Download and extract weather files for station.

If the files are already cached and not stale, no network request is made.

Parameters:

Name	Type	Description	Default
`station`	`WeatherStation`	The weather station to download files for.	required
`only`	`Iterable[str] \| None`	If given, extract only members whose suffix matches one of these values (e.g. `{".epw"}` or `[".epw", ".ddy"]`). Each entry is normalised to a lowercase suffix with a leading dot (`"epw"` and `".EPW"` both match `.epw` members). When `None` (default), every member of the archive is extracted and the result is required to contain a `.epw` and a `.ddy`.	`None`

Returns:

Type	Description
`WeatherFiles \| PartialWeatherFiles`	WeatherFiles for a full
`WeatherFiles \| PartialWeatherFiles`	extraction, or
`WeatherFiles \| PartialWeatherFiles`	PartialWeatherFiles
`WeatherFiles \| PartialWeatherFiles`	when `only=` is set.

Raises:

Type	Description
`RuntimeError`	If the download or extraction fails, or if a full extraction is missing a required `.epw` or `.ddy` file.
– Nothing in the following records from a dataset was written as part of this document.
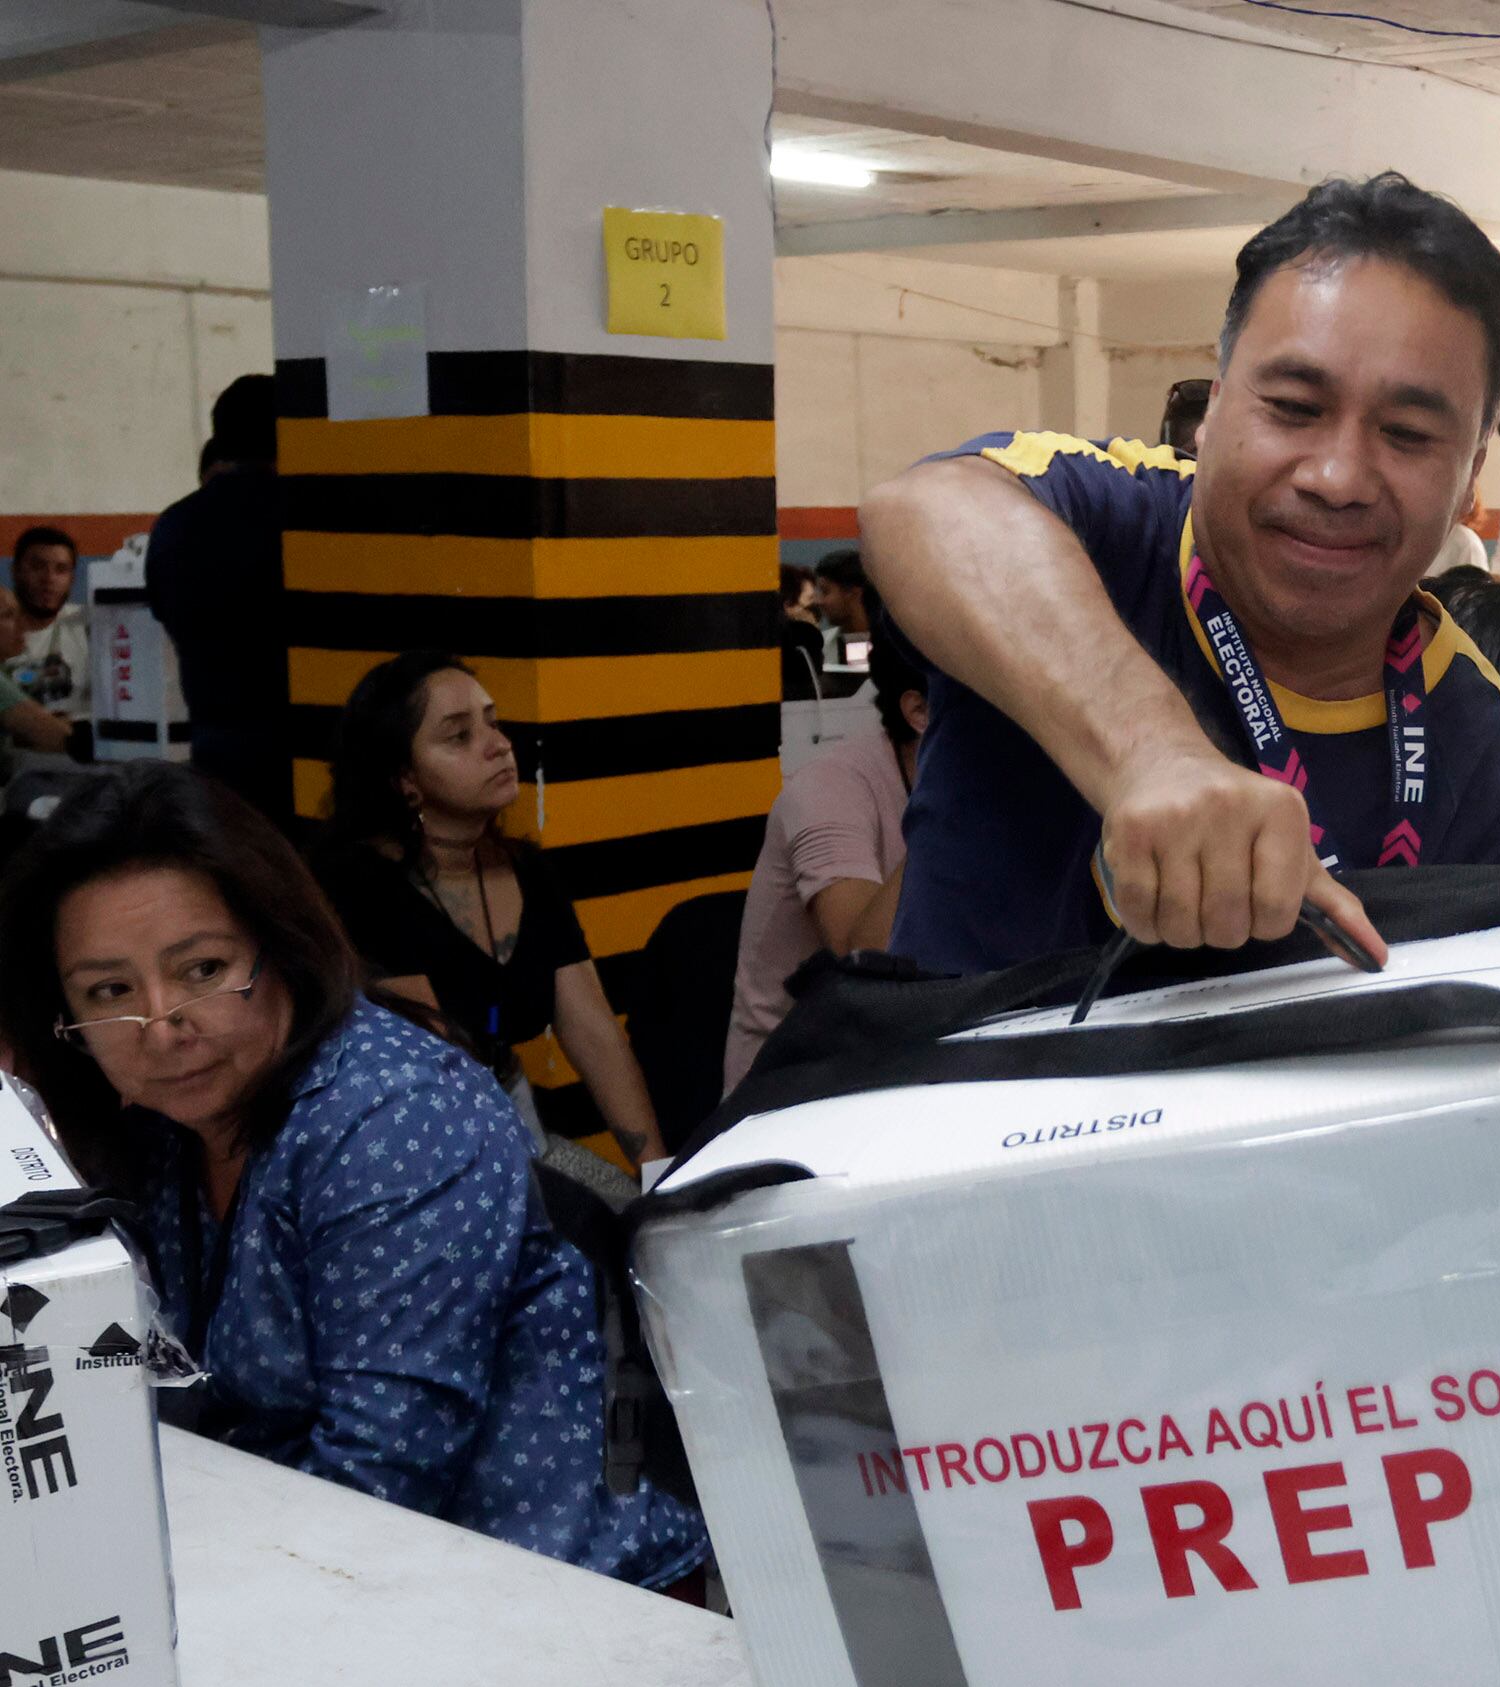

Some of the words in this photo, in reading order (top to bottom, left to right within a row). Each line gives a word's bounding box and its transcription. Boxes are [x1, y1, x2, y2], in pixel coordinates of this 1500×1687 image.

[624, 237, 699, 266] GRUPO
[660, 283, 671, 307] 2
[1207, 615, 1271, 750] ELECTORAL
[1222, 611, 1256, 680] INSTITUTO
[1251, 679, 1282, 743] NACIONAL
[1403, 726, 1425, 803] INE
[10, 1147, 52, 1181] DISTRITO
[1001, 1108, 1163, 1148] DISTRITO
[858, 1415, 1193, 1497] INTRODUZCA
[1206, 1380, 1333, 1455] AQUÍ
[1347, 1385, 1419, 1434] EL
[1026, 1447, 1473, 1612] PREP
[0, 1615, 127, 1687] NE
[50, 1654, 129, 1687] Electoral
Source code in src/idfkit/weather/download.py

def download(
    self,
    station: WeatherStation,
    *,
    only: Iterable[str] | None = None,
) -> WeatherFiles | PartialWeatherFiles:
    """Download and extract weather files for *station*.
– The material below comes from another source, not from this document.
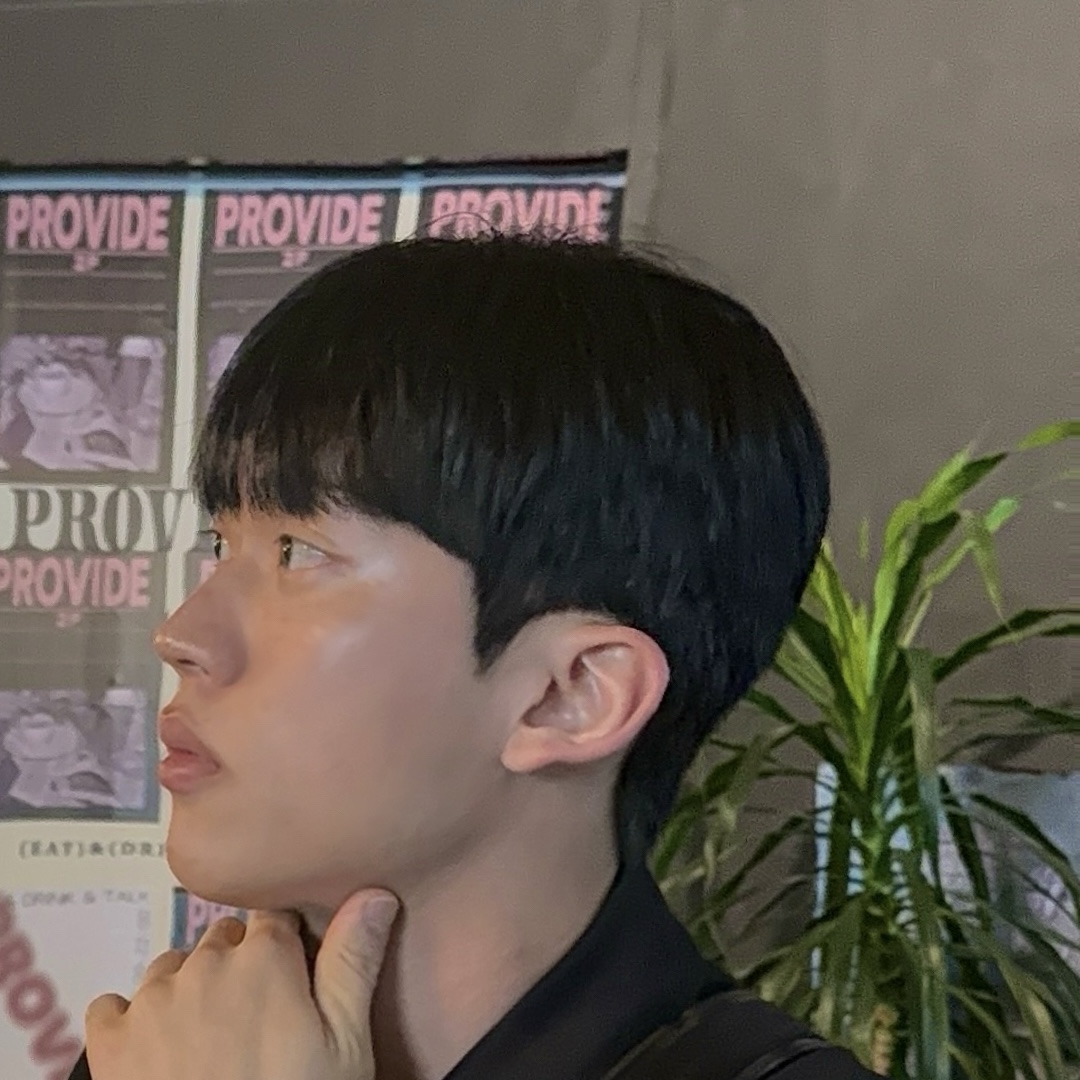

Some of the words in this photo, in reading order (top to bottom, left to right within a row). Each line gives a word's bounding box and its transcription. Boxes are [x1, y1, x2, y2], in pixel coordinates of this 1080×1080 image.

[6, 194, 170, 251] PROVIDE
[214, 192, 385, 246] PROVIDE
[8, 484, 200, 552] PROV
    If the files are already cached and not stale, no network request is made.

    Args:
        station: The weather station to download files for.
        only: If given, extract only members whose suffix matches one of
            these values (e.g. ``{".epw"}`` or ``[".epw", ".ddy"]``).
            Each entry is normalised to a lowercase suffix with a leading
            dot (``"epw"`` and ``".EPW"`` both match ``.epw`` members).
            When ``None`` (default), every member of the archive is
            extracted and the result is required to contain a ``.epw``
            and a ``.ddy``.

    Returns:
        [WeatherFiles][idfkit.weather.download.WeatherFiles] for a full
        extraction, or
        [PartialWeatherFiles][idfkit.weather.download.PartialWeatherFiles]
        when ``only=`` is set.

    Raises:
        RuntimeError: If the download or extraction fails, or if a full
            extraction is missing a required ``.epw`` or ``.ddy`` file.
    """
    # Derive a cache subdirectory from the ZIP filename
    zip_filename = station.url.rsplit("/", maxsplit=1)[-1]
    stem = zip_filename.removesuffix(".zip")
    station_dir = self._cache_dir / "files" / str(station.wmo) / stem
    zip_path = station_dir / zip_filename

    # Download if not cached or if stale
    if not zip_path.exists() or self._is_stale(zip_path):
        station_dir.mkdir(parents=True, exist_ok=True)
        logger.info("Downloading weather data for %s (WMO %s)", station.display_name, station.wmo)
        try:
            req = Request(station.url, headers={"User-Agent": _USER_AGENT})  # noqa: S310
            with urlopen(req, timeout=120) as resp:  # noqa: S310
                zip_path.write_bytes(resp.read())
        except (HTTPError, URLError, TimeoutError, OSError) as exc:
            msg = f"Failed to download weather data from {station.url}: {exc}"
            raise RuntimeError(msg) from exc
    else:
        logger.debug("Cache hit for station %s (WMO %s)", station.display_name, station.wmo)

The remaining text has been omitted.